● **Exercise input**:
⟨
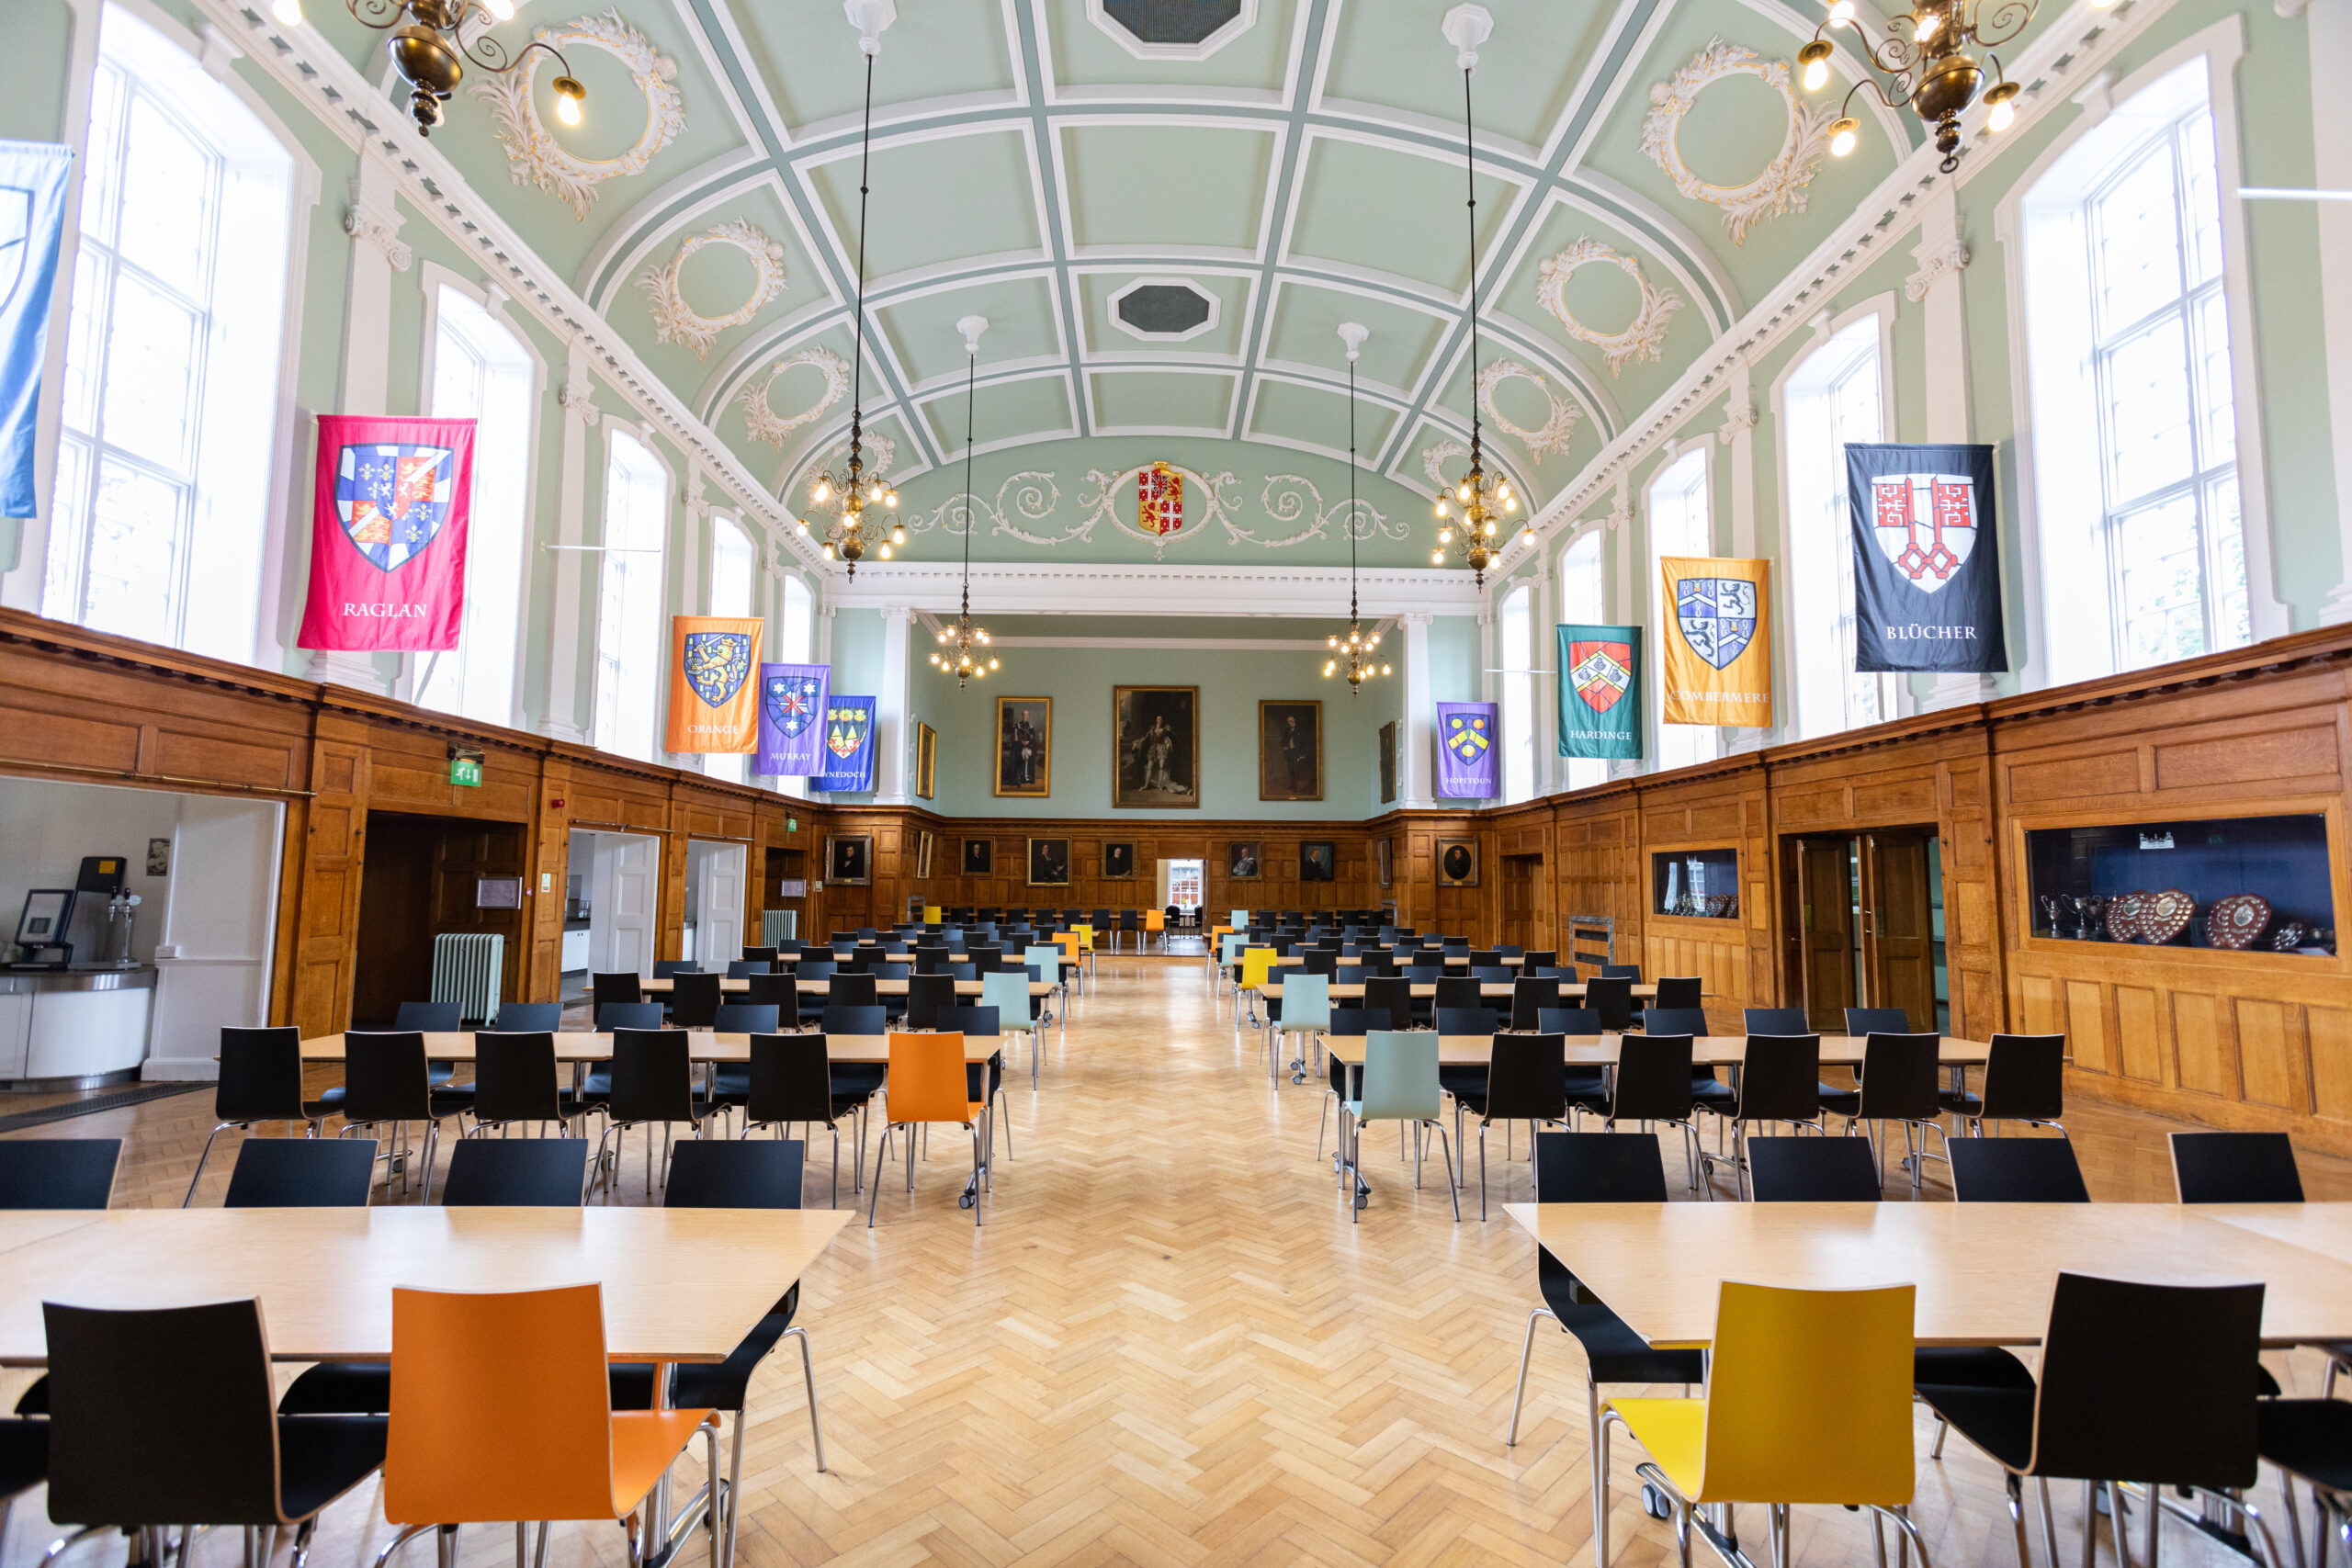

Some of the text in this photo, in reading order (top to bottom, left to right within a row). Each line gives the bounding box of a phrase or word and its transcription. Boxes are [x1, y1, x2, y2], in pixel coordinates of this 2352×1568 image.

[342, 602, 427, 618] RAGLAN
[1886, 623, 1977, 640] BLÜCHER
[1669, 690, 1770, 704] COMBERMERE
[687, 724, 739, 734] ORANGE
[1570, 729, 1633, 740] HARDINGE
[770, 752, 811, 761] MURRAY
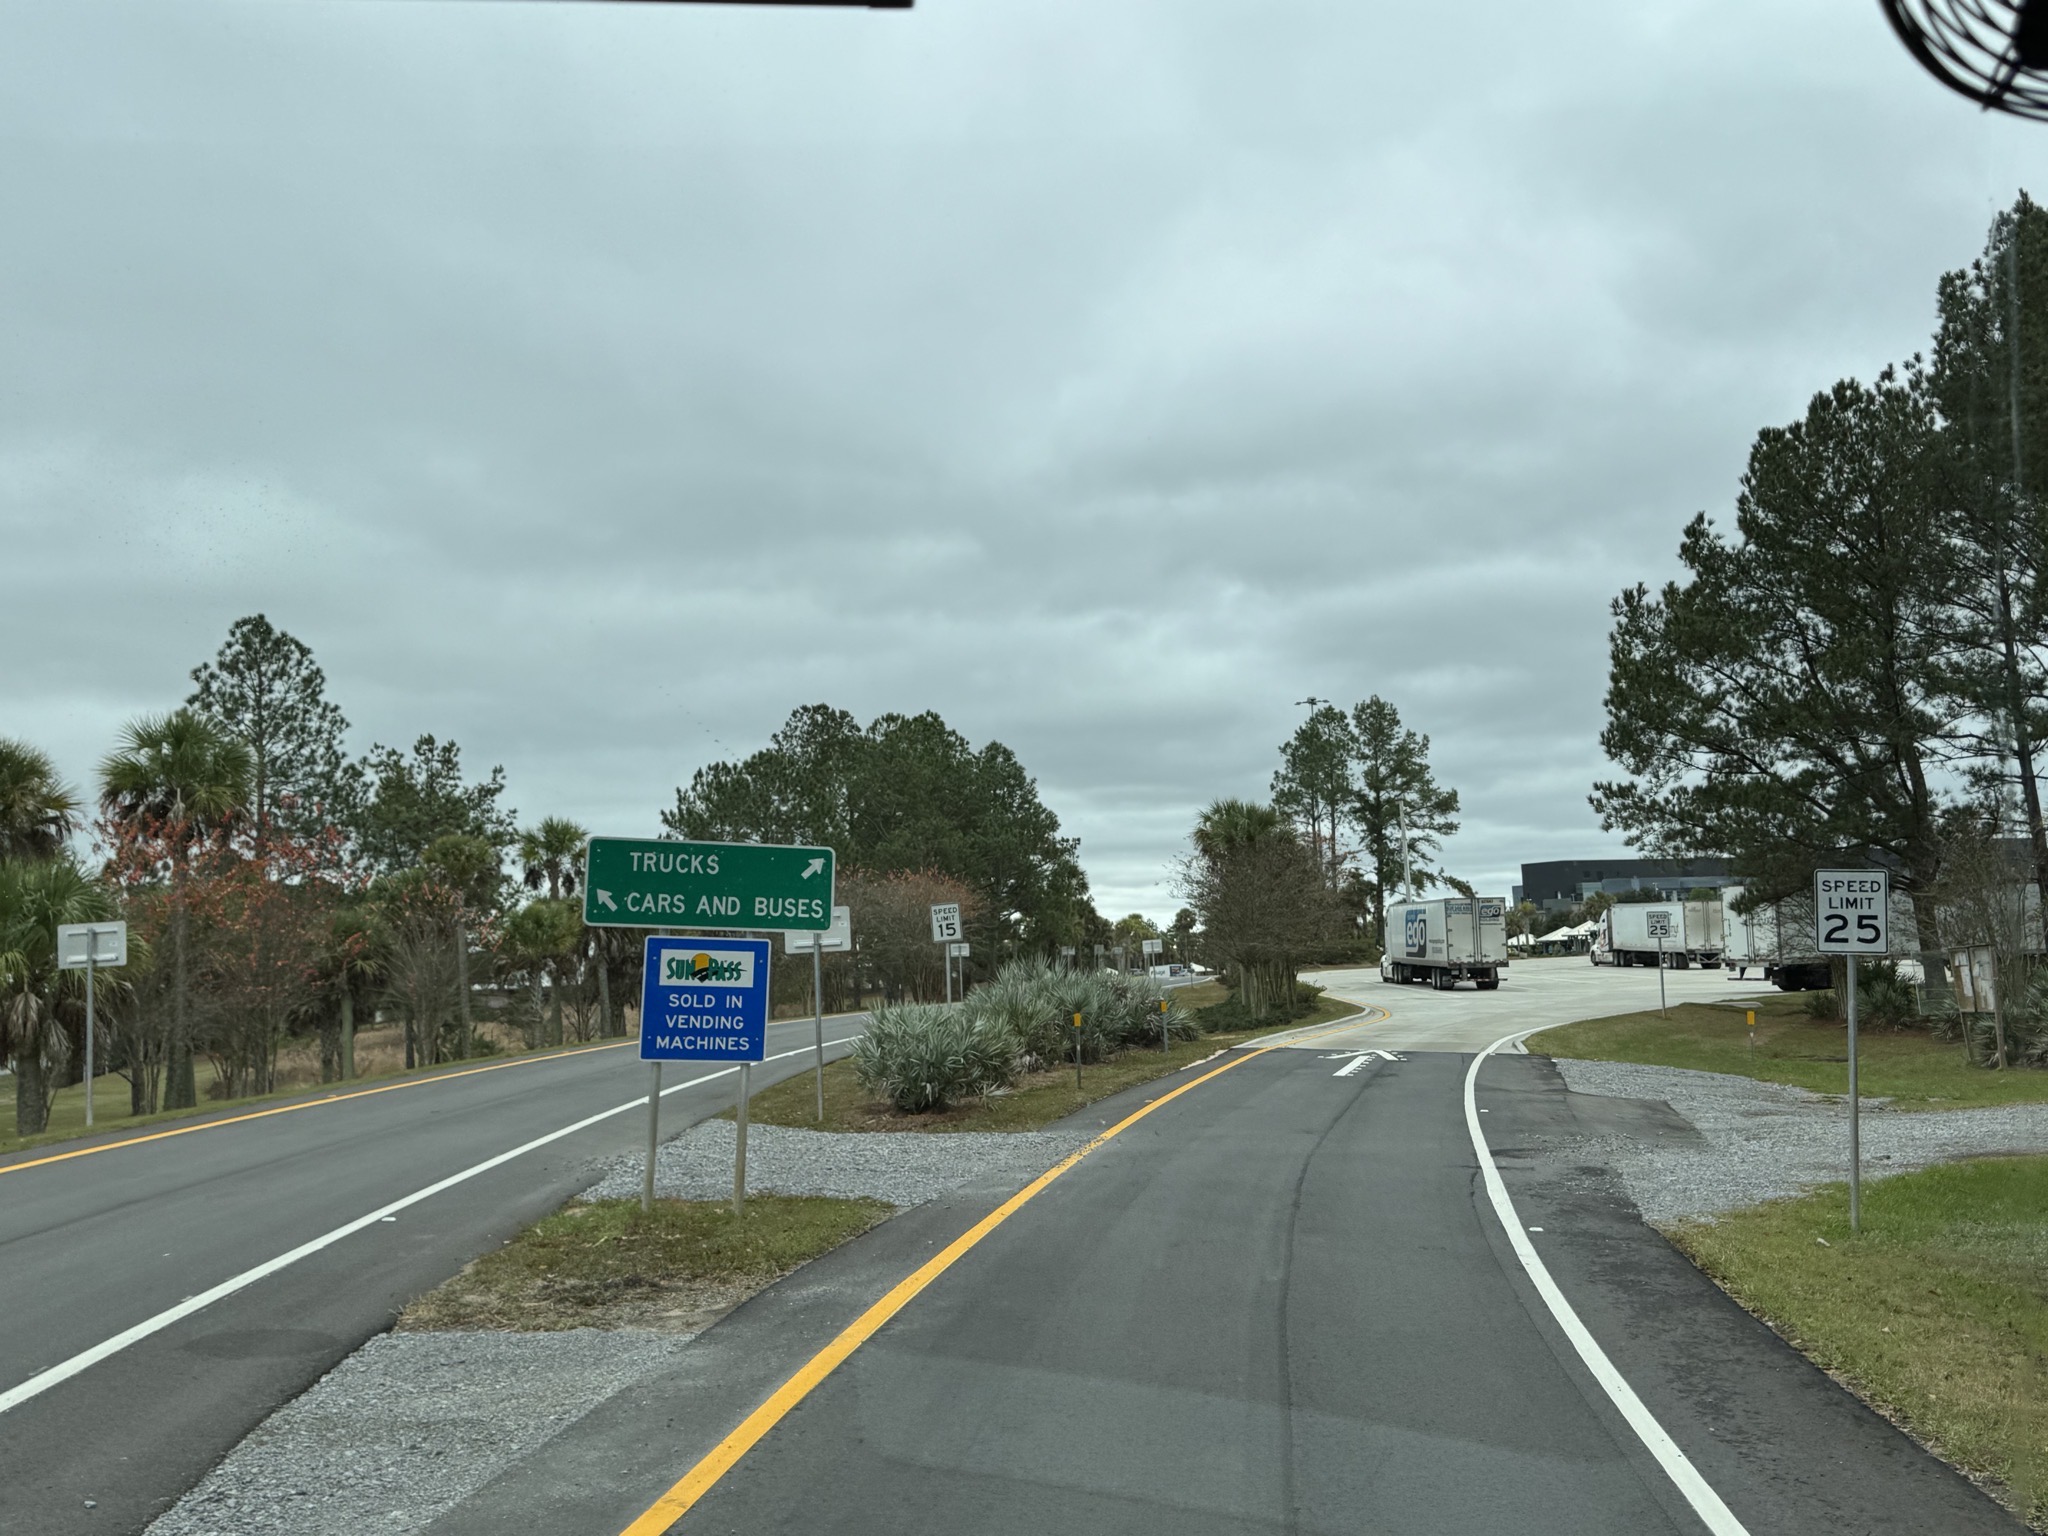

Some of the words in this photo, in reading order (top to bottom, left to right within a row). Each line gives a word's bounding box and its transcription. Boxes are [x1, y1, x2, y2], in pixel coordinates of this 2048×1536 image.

[630, 852, 720, 875] TRUCKS
[1822, 880, 1881, 892] SPEED
[626, 892, 686, 914] CARS
[695, 895, 741, 916] AND
[754, 897, 824, 918] BUSES
[1828, 897, 1875, 909] LIMIT
[933, 907, 958, 916] SPEED
[936, 915, 956, 923] LIMIT
[938, 923, 957, 938] 15
[1650, 925, 1668, 936] 25
[1824, 914, 1881, 944] 25
[668, 993, 716, 1008] SOLD
[725, 994, 743, 1009] IN
[665, 1014, 744, 1030] VENDING
[656, 1035, 750, 1051] MACHINES
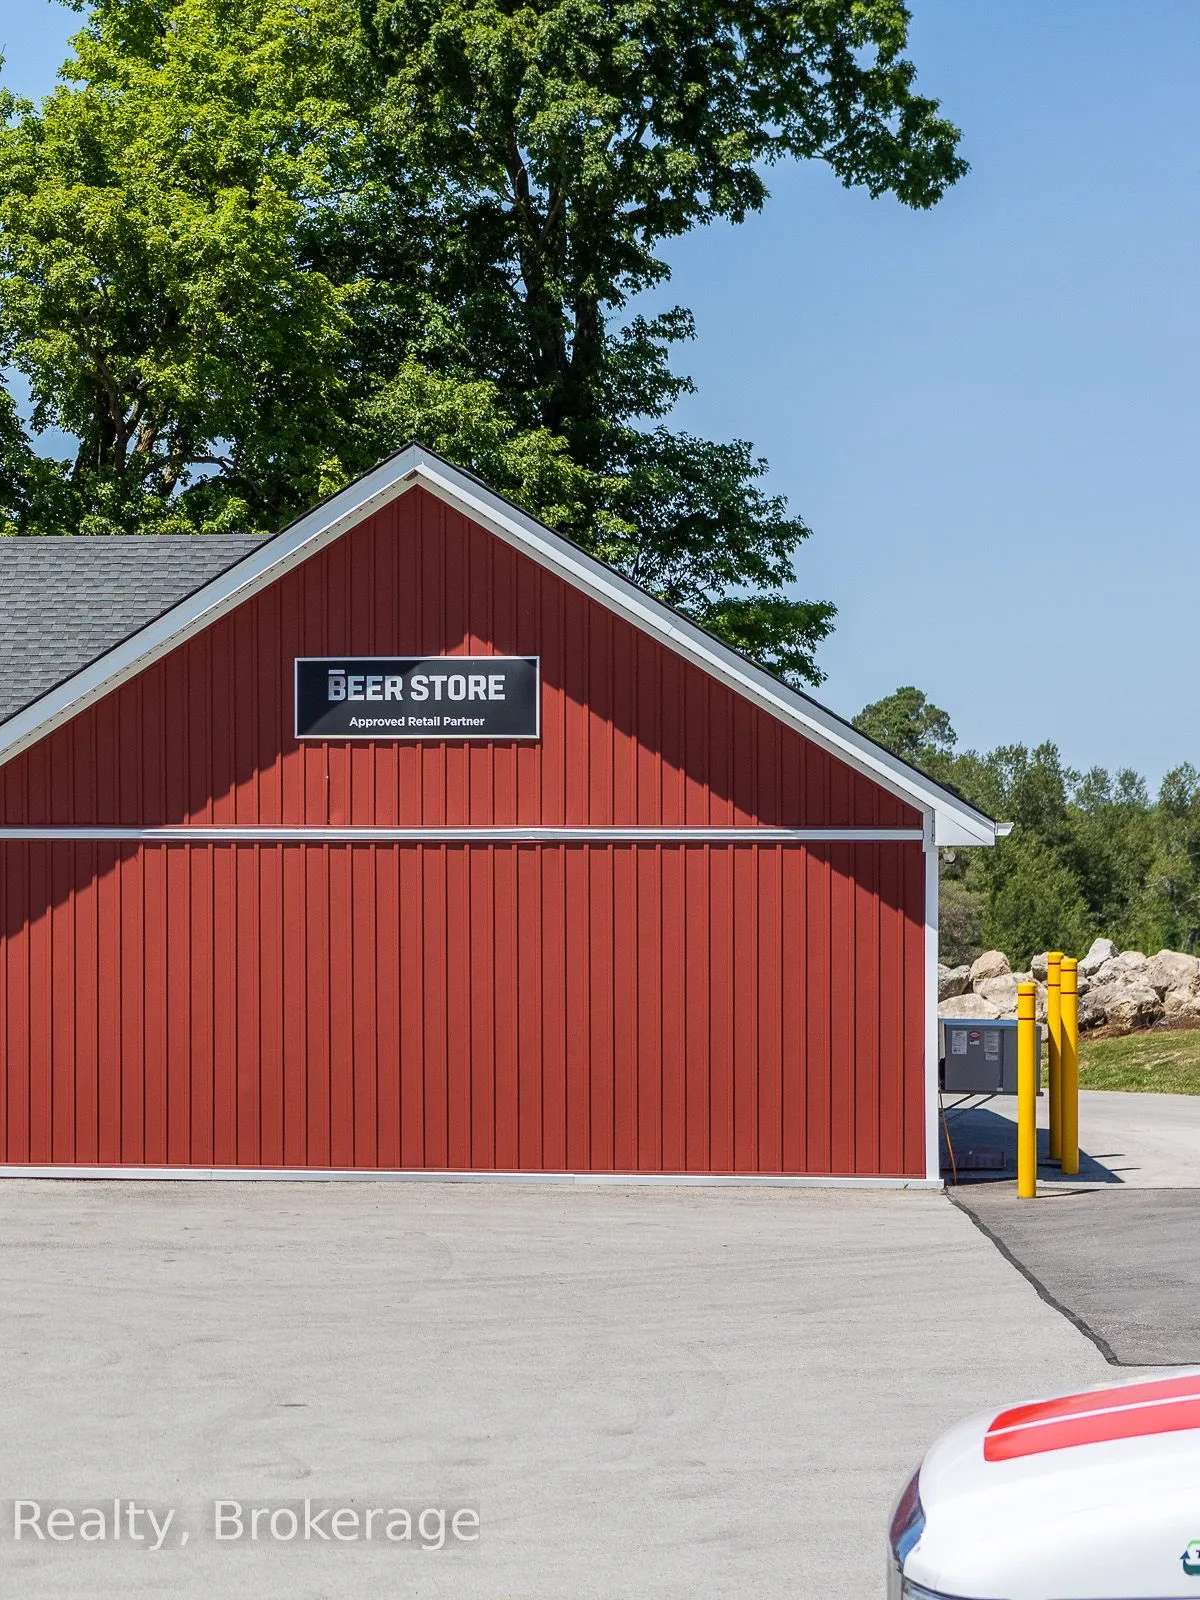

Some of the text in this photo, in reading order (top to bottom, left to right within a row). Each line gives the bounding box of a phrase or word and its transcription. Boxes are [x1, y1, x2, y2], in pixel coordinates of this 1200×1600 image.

[328, 669, 506, 701] BEER STORE
[349, 716, 485, 728] Approved Retail Partner
⟩
● **To do**:
None of the pictures belong in the copy. Write out exactly the lines from the line that holds "Some of the words" through the last line of the listing above, both ends included.

● **Exercise solution**:
Some of the words in this photo, in reading order (top to bottom, left to right within a row). Each line gives a word's bounding box and its transcription. Boxes are [x1, y1, x2, y2], in pixel coordinates of this 2048×1536 image.

[630, 852, 720, 875] TRUCKS
[1822, 880, 1881, 892] SPEED
[626, 892, 686, 914] CARS
[695, 895, 741, 916] AND
[754, 897, 824, 918] BUSES
[1828, 897, 1875, 909] LIMIT
[933, 907, 958, 916] SPEED
[936, 915, 956, 923] LIMIT
[938, 923, 957, 938] 15
[1650, 925, 1668, 936] 25
[1824, 914, 1881, 944] 25
[668, 993, 716, 1008] SOLD
[725, 994, 743, 1009] IN
[665, 1014, 744, 1030] VENDING
[656, 1035, 750, 1051] MACHINES

Some of the text in this photo, in reading order (top to bottom, left to right within a row). Each line gives the bounding box of a phrase or word and its transcription. Boxes are [x1, y1, x2, y2], in pixel coordinates of this 1200×1600 image.

[328, 669, 506, 701] BEER STORE
[349, 716, 485, 728] Approved Retail Partner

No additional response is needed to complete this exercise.